Thermal Radiation Effects

Although the term "thermal radiation" sounds harmful due to the negative connotations associated with the word "radiation," it is often a safe and life-giving phenomenon. The effects of thermal radiation depend on the temperature of the object and the type. Extreme amounts of thermal radiation can cause severe damage to the human body. However, smalls amounts of thermal radiation can warm up a cold room.
    • Thermal Radiation from the Sun

    Misconceptions

    • Thermal radiation comes not only from radioactive material; all objects with a temperature give off heat, known as thermal radiation. Everything gives and takes in thermal radiation, according to University of New Mexico's Physics Department. When an object gives off more heat than it receives, it goes through a "cooling" process.
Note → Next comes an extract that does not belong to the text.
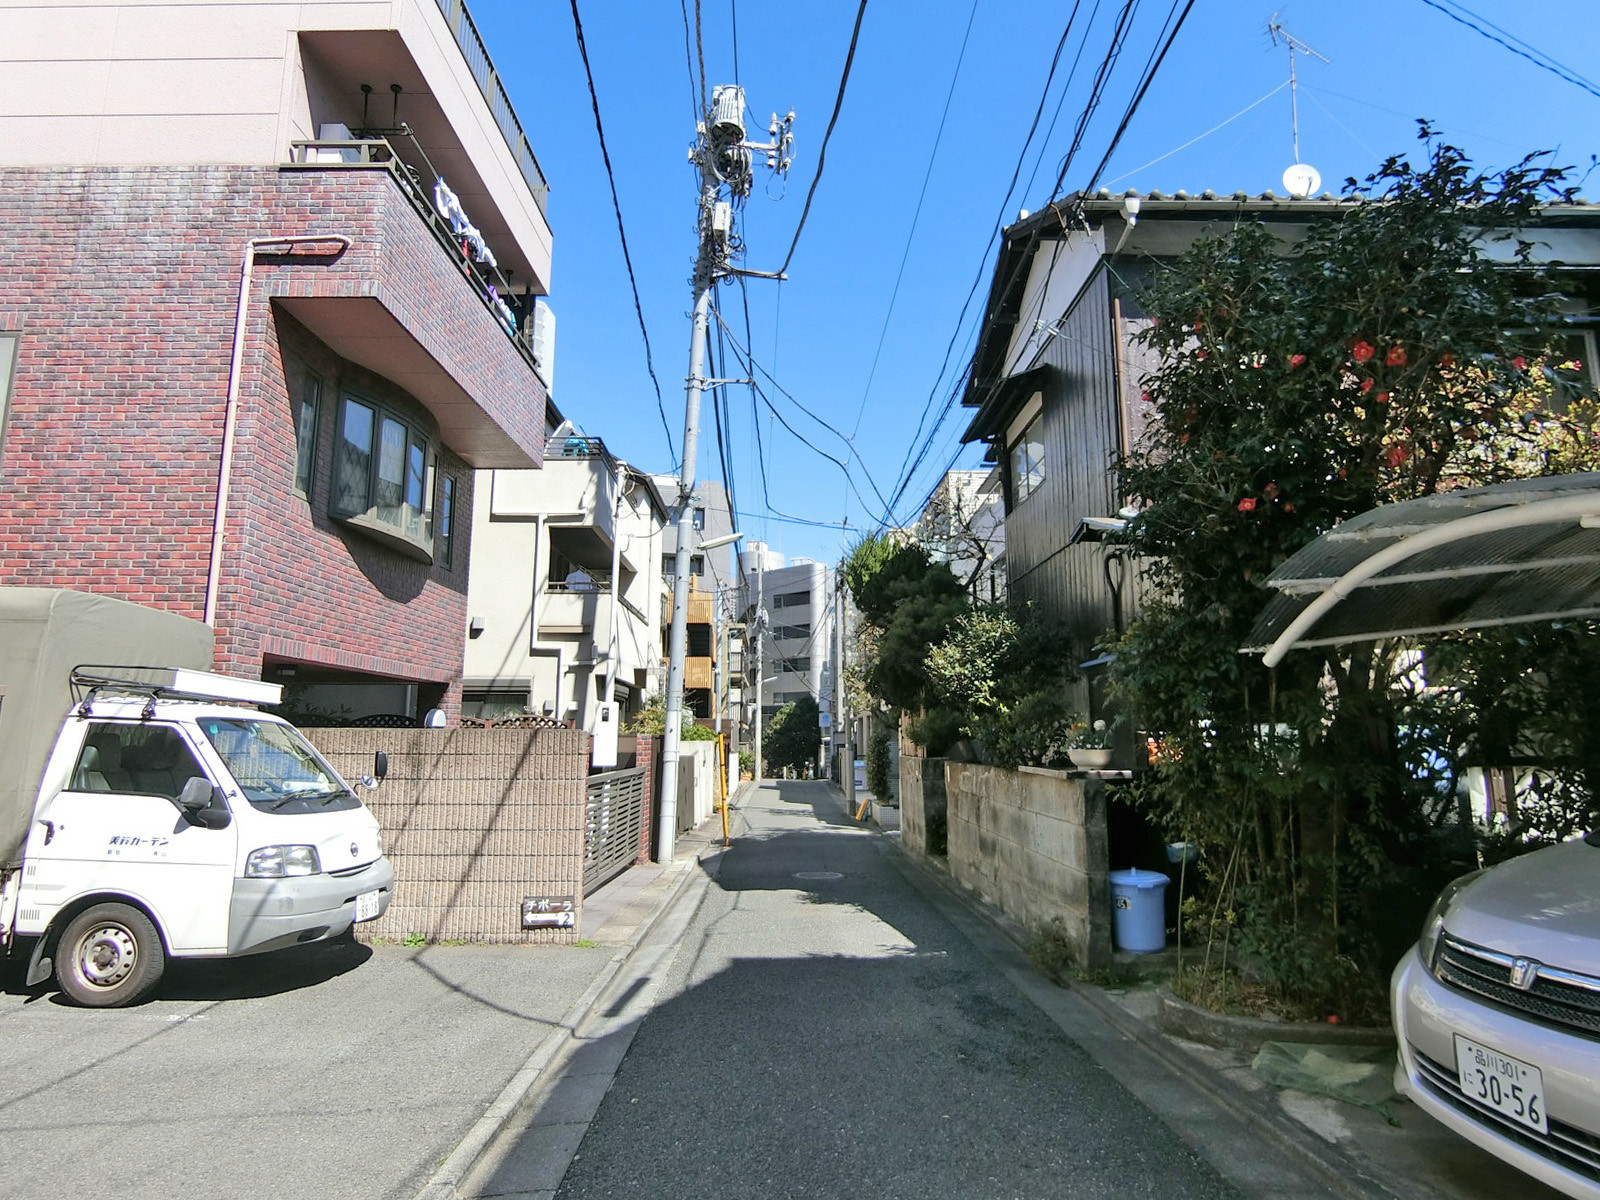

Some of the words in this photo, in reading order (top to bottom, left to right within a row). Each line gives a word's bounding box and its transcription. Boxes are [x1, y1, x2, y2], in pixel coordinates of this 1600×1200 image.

[563, 912, 571, 926] 2
[1463, 1069, 1474, 1085] に
[1475, 1068, 1540, 1124] 30-56
Eventually, two objects with different temperatures will heat and cool until they reach equal temperatures called equilibrium.

    Function

    • Most of the time, heat exists in an invisible part of the spectrum to the naked eye called "infrared," reports the University of New Mexico. As something heats up, like a metal coil on a stove, it shifts to the visible part of the light spectrum. Objects turn from a darker red, all the way up to blinding white light, like in a nuclear explosion. The type of material also determines how much heat radiates from an object.

    Burns

    • The effects of thermal radiation usually have a bad mental image, especially because of the existence of nuclear weapons. A nuclear explosion contains extreme amounts of heat, up to 100 million degrees Celsius in most cases, according to AtomicArchive. The explosion of a nuclear weapon produces thermal radiation that can burn skin and damage eyes from several miles outside of the blast radius, according to AtomicArchive.

    Combustion

    • One of the most harmful effects of thermal radiation is the ability to ignite materials, especially dry matter like newspaper and flammable substances. It takes a lot of thermal radiation to ignite a material. AtomicArchive states that the amount of damage thermal radiation causes in a heat radius depends on the presence of obstacles that can absorb some of the thermal pulse, like cloud cover or a wall barrier.

    Warming

    • Thermal radiation is not bad and is actually essential to every living creature. The sun emits thermal radiation all the time to warm the earth, according to Encyclopedia Britannica. Without thermal radiation from the sun, the earth would be far too cold for most life. You can even create thermal radiation in your own home to warm yourself, such as using a fire in a chimney.